Когда они приехали в участок, Эйб продолжал размышлять над своим сном. Обычно он спускал все на тормозах, двигался дальше, не зная сожалений: характерная особенность, на которую могли бы указать большинство одиноких женщин Хаддана. Но время от времени он застревал на месте, и именно это случилось теперь. Может быть, на него повлияла погода, он с трудом дышал. Кондиционеры официально отключали по принятому в городе закону каждый год пятнадцатого сентября, так что полицейские изнемогали от жары. Эйб распустил галстук и посмотрел в стакан, который принес из кулера в коридоре. «Ты не видишь воду, но знаешь, что она все равно здесь».
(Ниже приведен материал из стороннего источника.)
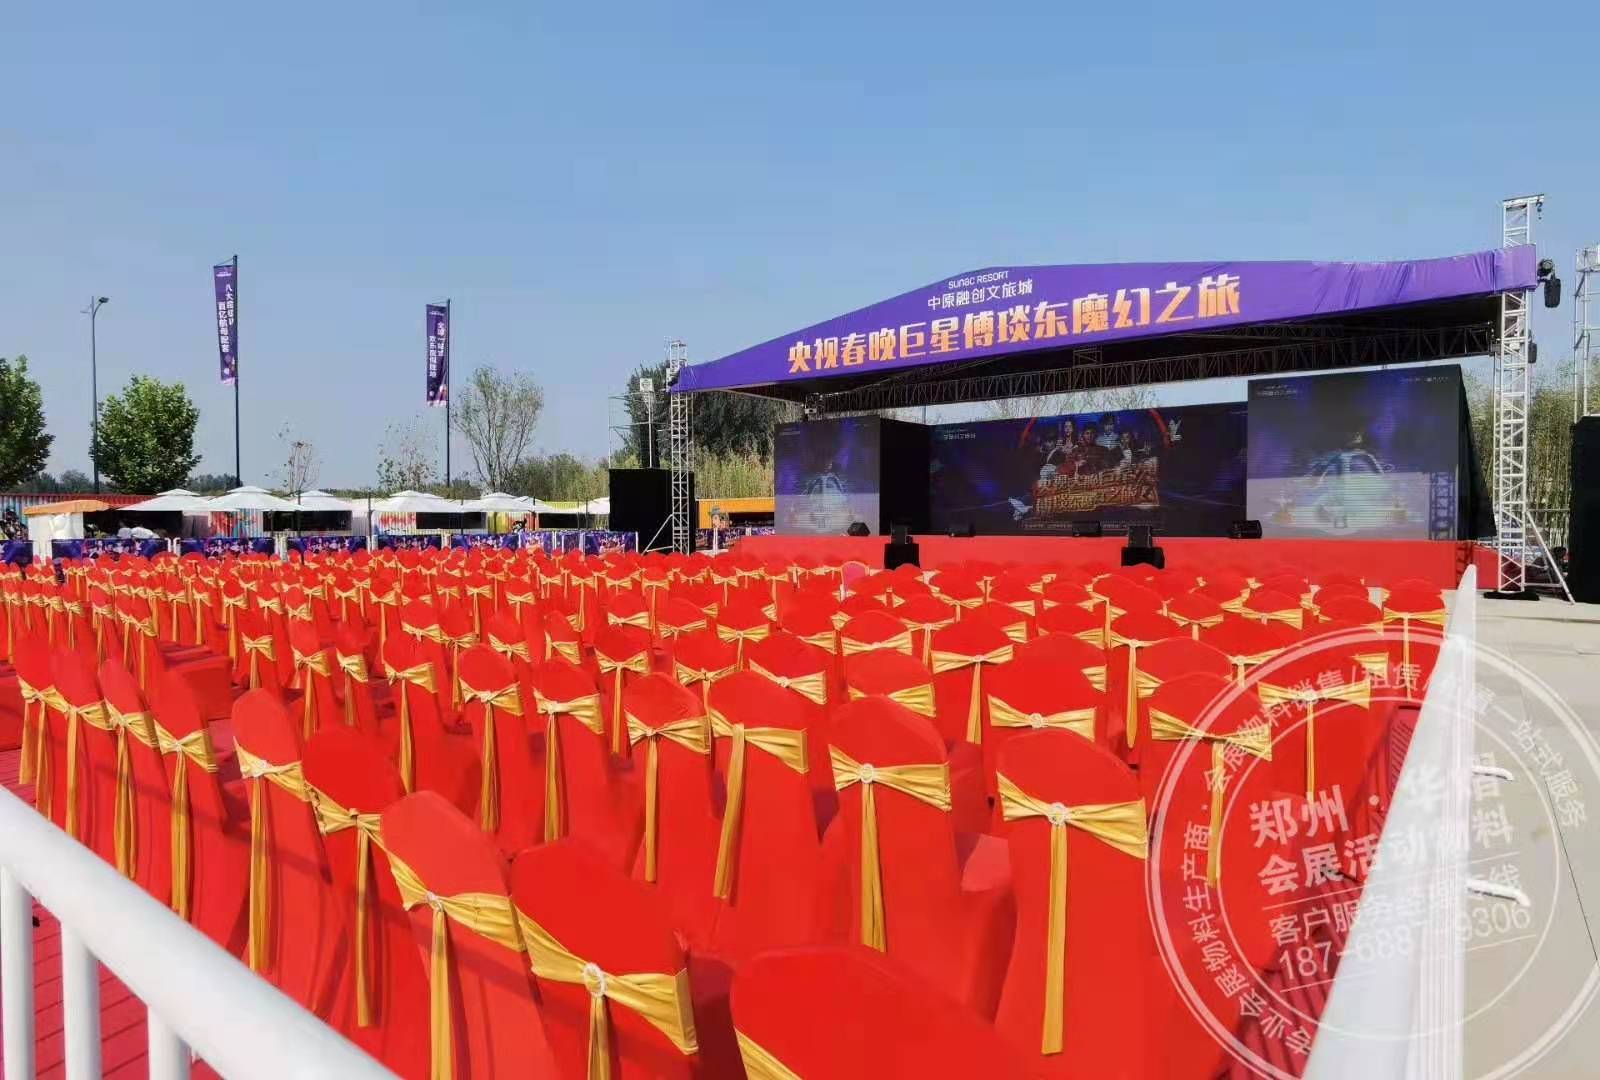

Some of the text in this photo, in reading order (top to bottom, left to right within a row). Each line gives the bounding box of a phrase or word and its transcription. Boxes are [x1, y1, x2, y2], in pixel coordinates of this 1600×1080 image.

[976, 270, 1010, 284] RESORT
[927, 278, 1034, 311] 中原融创文旅城
[787, 273, 1241, 374] 央视春晚巨星傅琰东魔幻之旅
Он все еще размышлял над этим, когда Глен Тайлз пододвинул себе стул, чтобы сообщить о расписании на следующую неделю, которое он разложил на столе Эйба. Глену не понравилось выражение лица Эйба. Назревали неприятности: Глен уже видел такое раньше. Была бы воля Глена, Эйба вообще никогда не взяли бы на работу. Во-первых, надо принимать в расчет его прошлое, во-вторых, он явно так и остался неуравновешенным типом, то и дело возвращаясь к старым привычкам. Он неделями работал на износ, а потом вдруг не являлся на дежурство, и Глену приходилось звонить ему и напоминать, что он не герцог, не наследный принц и не безработный, по крайней мере пока. С Эйбом ни в чем нельзя быть уверенным. Он отпустил Шарлотту Эванс с одним только предупреждением, когда она жгла листья, — хотя она, прожив в городе всю жизнь, должна была бы знать все городские правила, — а затем выписал недавно приехавшим в город людям, живущим в одном из дорогих домов на семнадцатом шоссе, огромный штраф за то же самое нарушение. Если бы Эйб не был внуком Райта Грея, Глен вышвырнул бы его с работы за одни только перепады настроения. Но поскольку он все-таки был Греем, Глен только регулярно обдумывал такую возможность.